Escucha aquí el mensaje de Mons. Iceta
Queridos hermanos y hermanas:
Como quien abre de par en par las ventanas del alma para que entre el soplo del Espíritu, la Iglesia nos convoca, una vez más, al Domingo de la Palabra de Dios: una presencia, una Palabra viva pronunciada desde siempre en el corazón del Padre y ofrecida al mundo en el Verbo hecho carne.
El lema que nos acompaña este año —«La palabra de Cristo habite en vosotros» (Col 3, 16)— guarda un mensaje de una densidad teológica y espiritual muy grande. San Pablo, al escribir a la comunidad cristiana de Colosas, invita a escuchar y a conocer la Palabra, así como a permitirle habitar en lo profundo de cada uno, a dejarle espacio, a ofrecerle morada. La Palabra no pide ser invitada de vez en cuando: reclama un hogar, una parte, un sitio preferente en la mesa de la vida.
Habitar es echar raíces, es entretejer la vida cotidiana, es dejar que el Misterio configure nuestro ser desde las entrañas. Cuando la Palabra de Cristo habita en nosotros, Cristo mismo se hace huésped del corazón, y poco a poco va transformando la casa entera. Como recuerda el evangelio de san Juan, «el Verbo se hizo carne y puso su morada entre nosotros» (Jn 1, 14). Ese mismo Verbo también desea poner su morada en nosotros.
La Palabra de Dios no está encerrada por amor en un libro, ni vive prisionera en el pasado; es una palabra que acontece, que irrumpe, que crea comunión y abre caminos. Por eso, el autor de la Carta a los Hebreos afirma que «es viva y eficaz, más cortante que espada de doble filo» (Hb 4, 12). Desde este sentir, penetra hasta lo más hondo, discierne, sana, purifica y despierta lo que parecía dormido.

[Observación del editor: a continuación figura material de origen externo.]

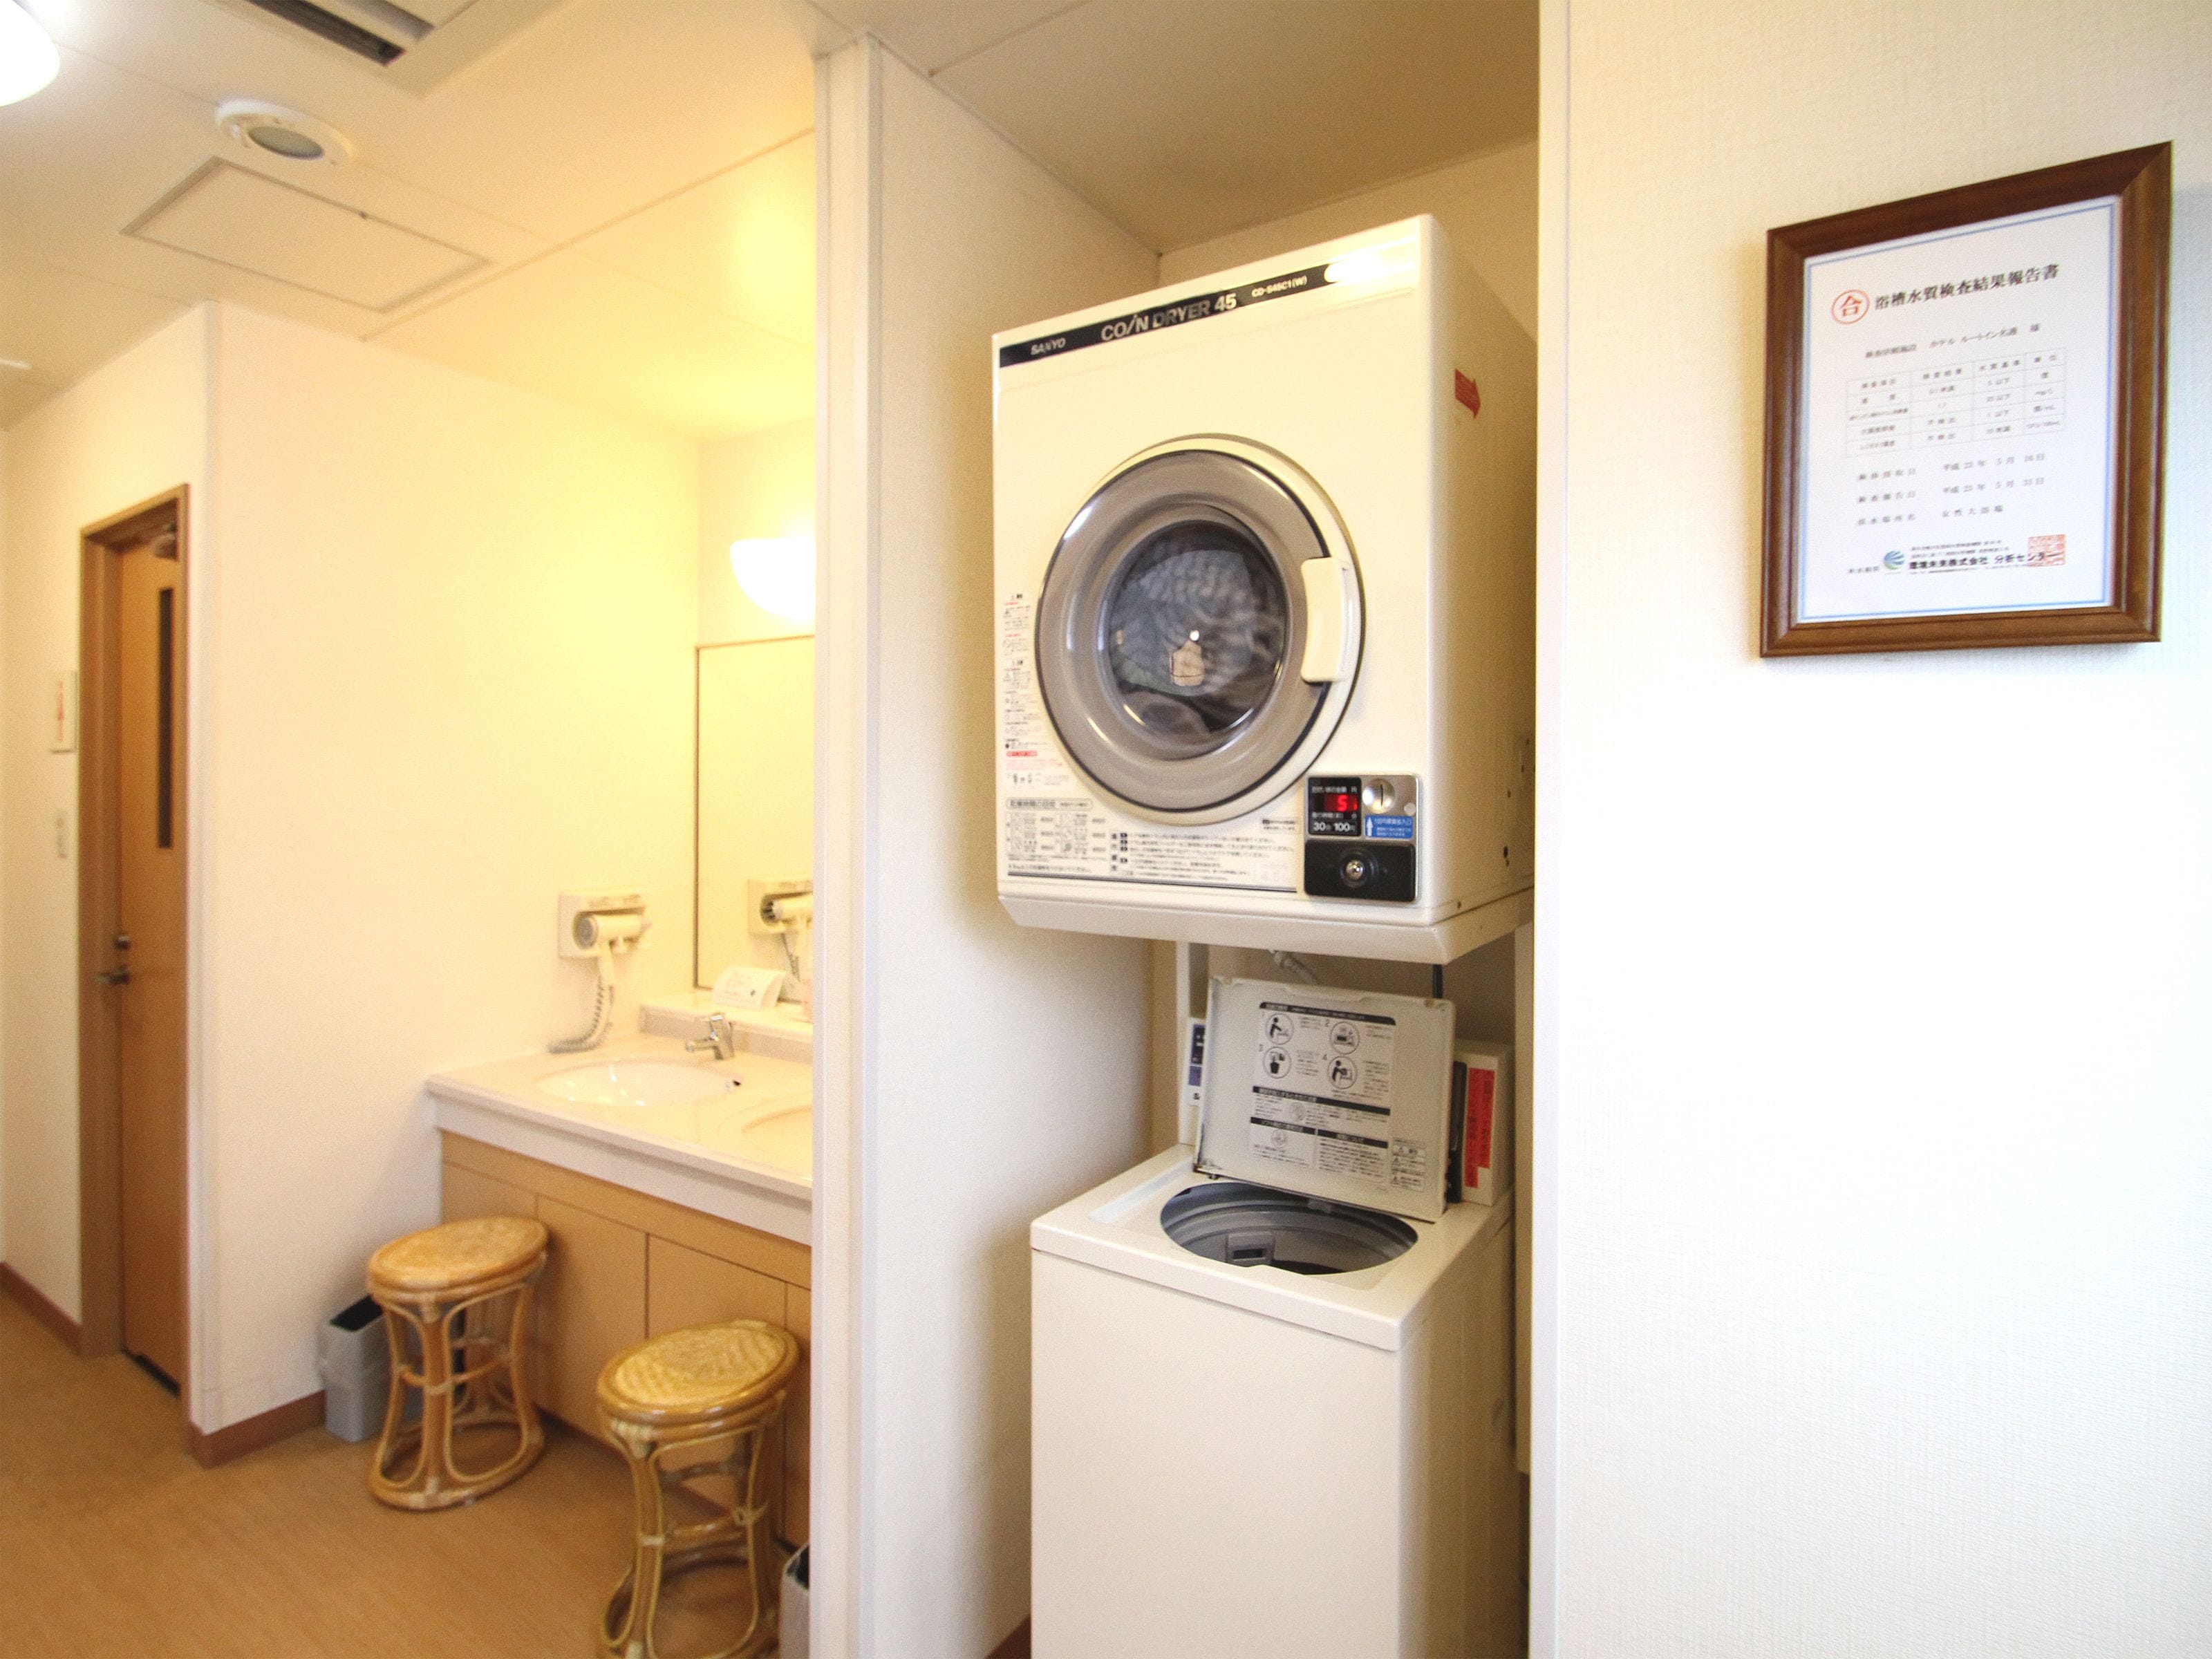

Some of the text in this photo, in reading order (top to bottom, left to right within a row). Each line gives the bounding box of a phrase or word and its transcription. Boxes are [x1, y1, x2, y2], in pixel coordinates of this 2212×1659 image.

[1874, 263, 2059, 310] 浴槽水質検査結果報告書
[1030, 337, 1067, 355] SANYO
[1152, 300, 1210, 328] DRYER
[1214, 293, 1237, 311] 45

La relación entre el Resucitado, la comunidad de creyentes y la Sagrada Escritura es vital para nuestra identidad cristiana. Sin la Palabra, la fe corre el riesgo de convertirse en costumbre; con ella, la fe vuelve a ser encuentro, escucha y respuesta.
Participar de la Palabra de Dios no supone únicamente oírla, leerla o proclamarla en la liturgia, es dejar que modele la conciencia, que eduque los afectos, que inspire las decisiones. La Palabra nos va entretejiendo el corazón, haciéndonos, día tras día, más semejantes a Aquel que la pronuncia. En ese lento –pero inconmensurable– trabajo interior, el creyente es recreado a imagen del Hijo, y aprende a mirar, a amar y a esperar como Él.

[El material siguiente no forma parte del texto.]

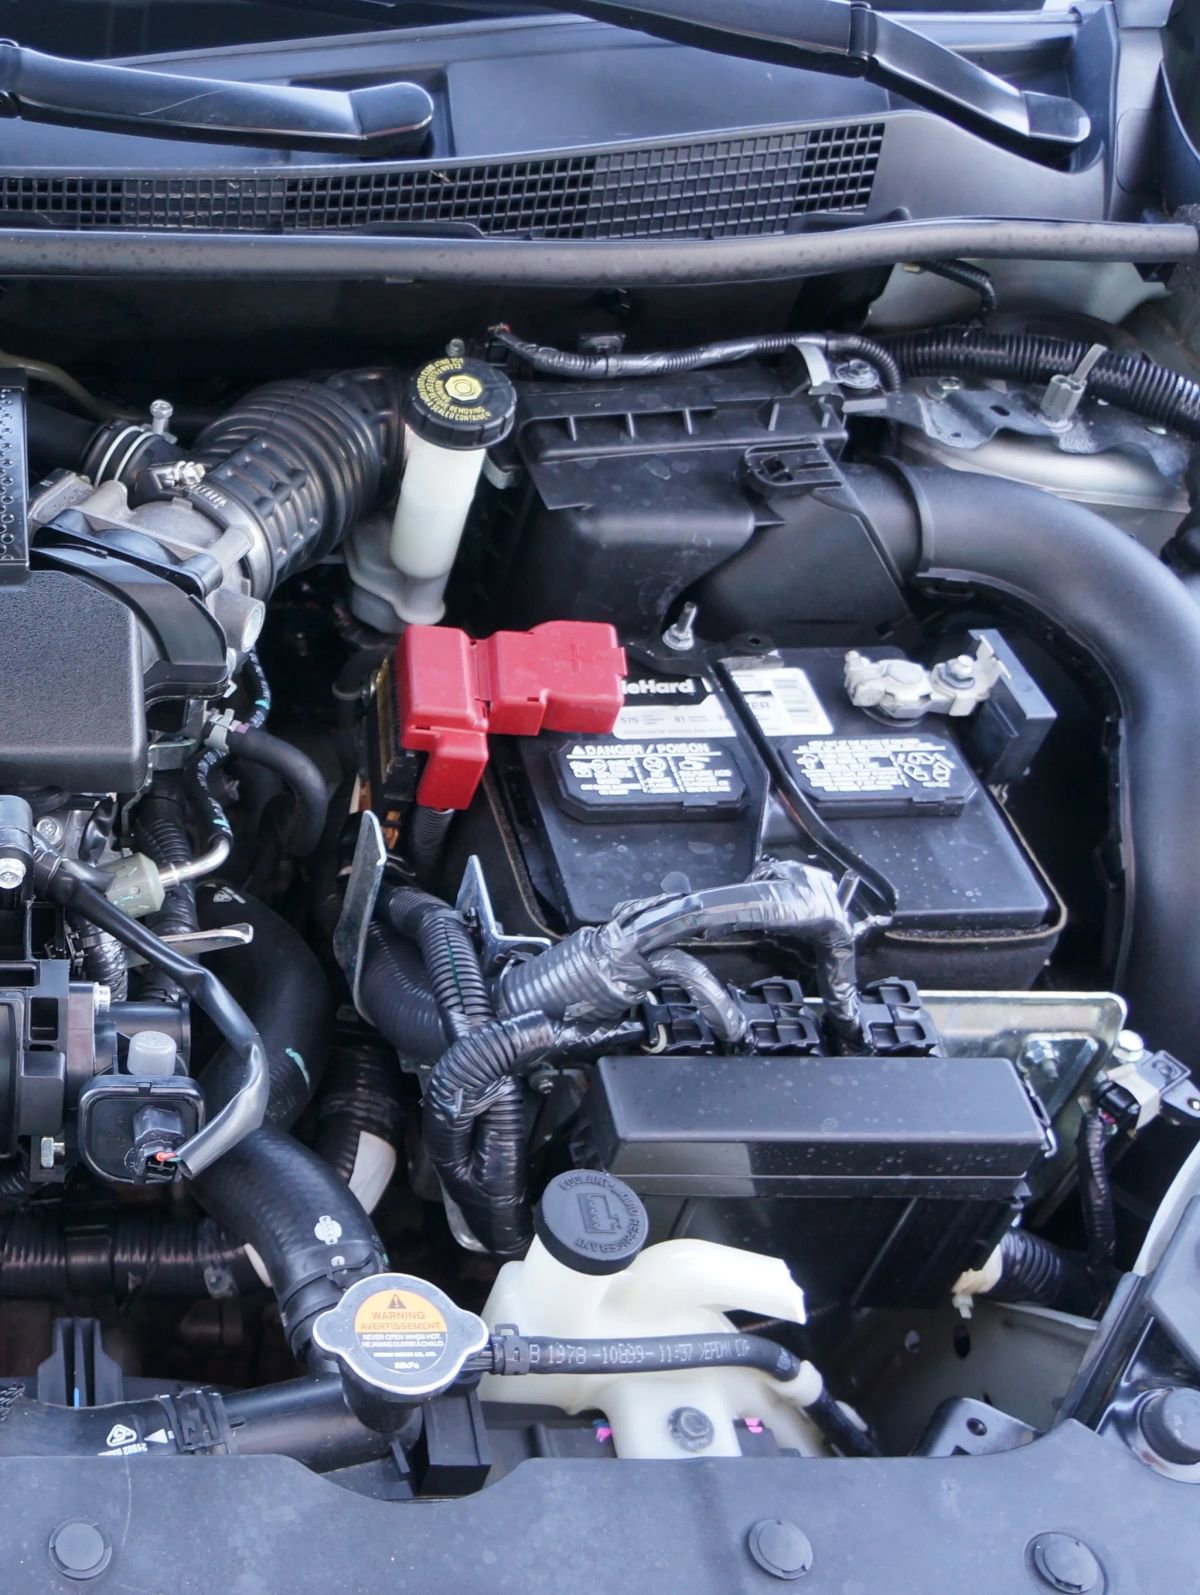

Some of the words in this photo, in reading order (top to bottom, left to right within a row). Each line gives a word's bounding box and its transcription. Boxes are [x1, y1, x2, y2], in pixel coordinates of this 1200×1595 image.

[620, 679, 696, 695] ieHard
[585, 744, 644, 756] DANGER
[656, 743, 710, 754] POISON
[371, 1311, 426, 1320] WARNING
[360, 1321, 441, 1330] AVERTISSEMENT

San Jerónimo, con la lucidez de los santos, afirmaba que «desconocer la Escritura es desconocer a Cristo». Este doctor de la Iglesia, considerado el traductor más grande de la Biblia, nos animaba a aprender el lenguaje de Dios, para que, poco a poco, nuestra vida pueda llegar a ser palabra pronunciada por otros hermanos. En esta clave se comprende la profunda afirmación de monseñor Rino Fisichella cuando señala –para esta celebración– que «la Palabra de Cristo permanece como criterio seguro que unifica y vuelve fecunda la vida de la comunidad cristiana», y que «cuando se deja espacio a la Palabra, el Verbo de Dios habita el corazón como semilla que, a su tiempo, germina y da fruto». Porque la Palabra actúa con fidelidad, sin imponer, fecundando todo lo que toca.

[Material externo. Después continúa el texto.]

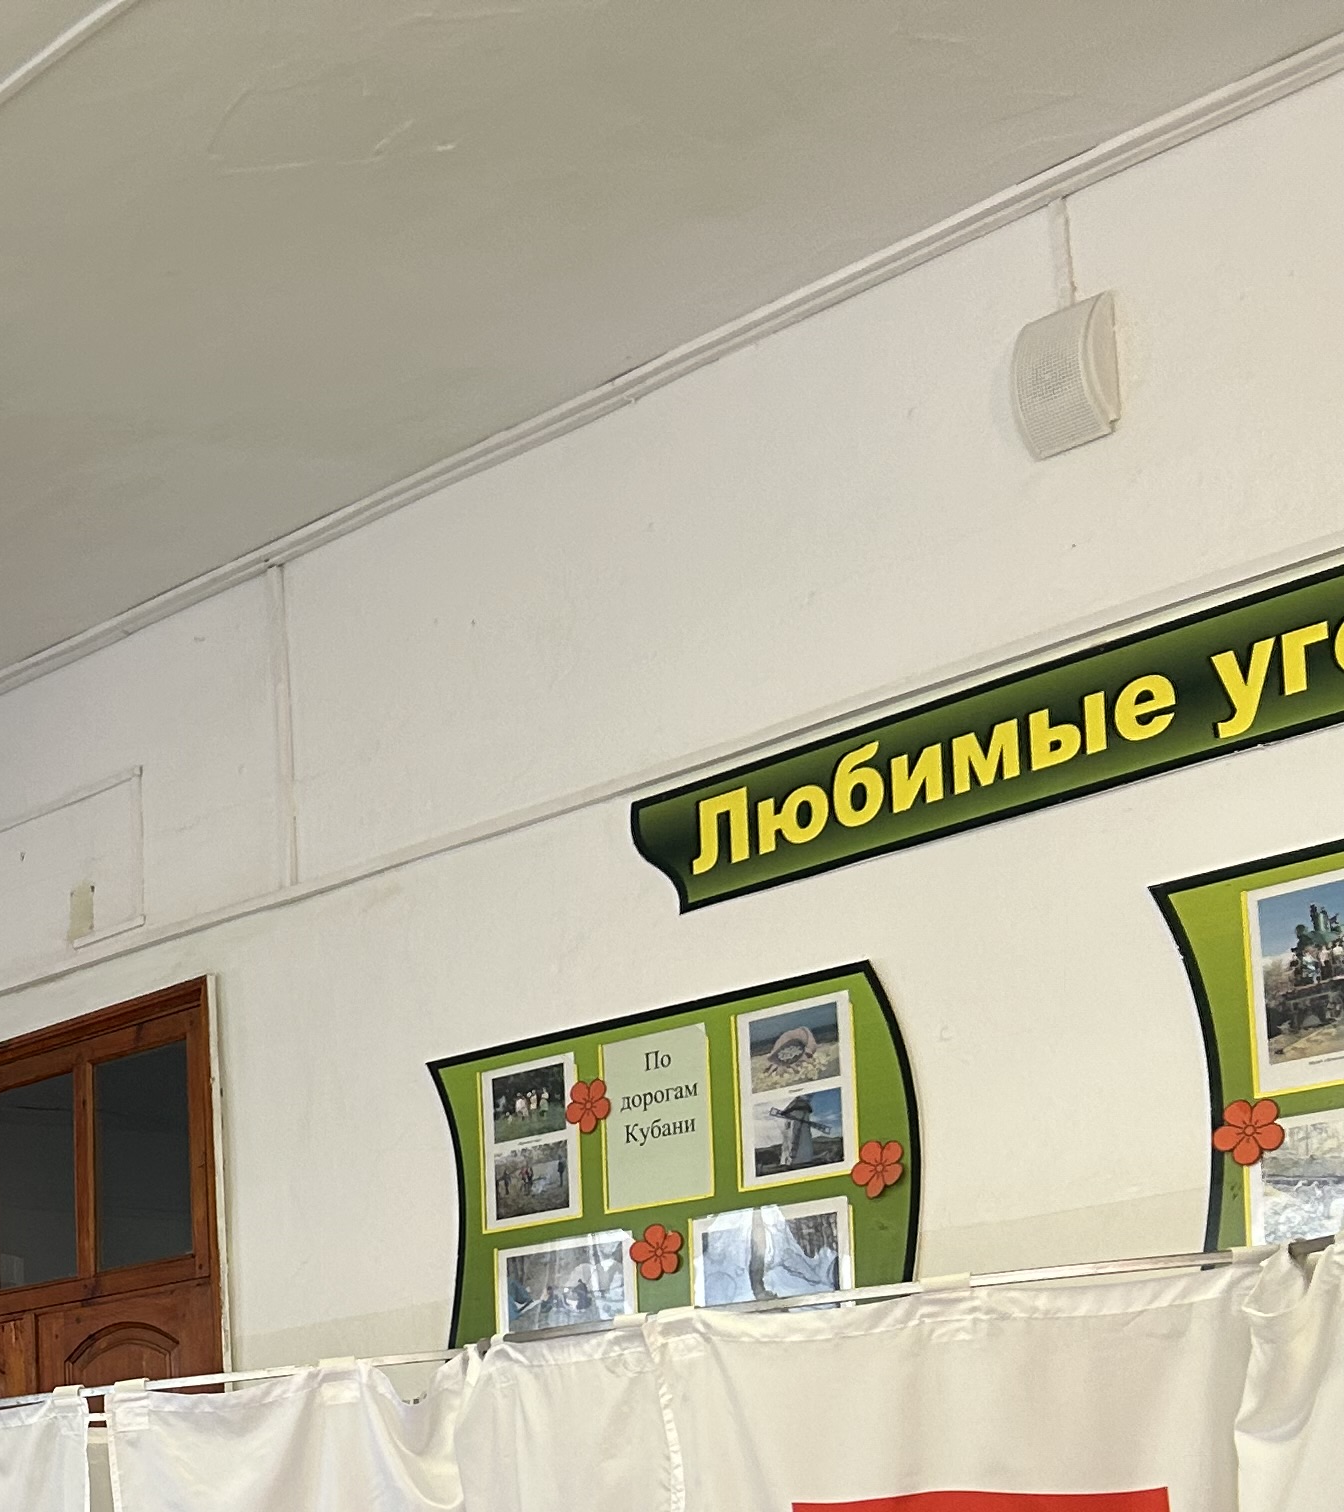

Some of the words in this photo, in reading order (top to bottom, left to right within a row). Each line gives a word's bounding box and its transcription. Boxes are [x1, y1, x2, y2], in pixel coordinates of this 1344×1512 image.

[692, 675, 1176, 875] Любимые
[1212, 623, 1344, 739] уг
[645, 1050, 672, 1072] По
[620, 1082, 698, 1112] дорогам
[625, 1117, 696, 1147] Кубани

Que este día nos ayude a abrir la casa interior, a sentarnos a los pies del Maestro como María (cf. Lc 10, 39) y a dejarnos formar por esa Palabra que no pasa, porque es el mismo Cristo quien la pronuncia. Y que, habitados por ella, podamos convertirnos nosotros mismos en evangelio vivo, en signo humilde y verdadero del Dios que, verso a verso, sigue hablando al corazón del mundo.
Con gran afecto, pido a Dios que os bendiga.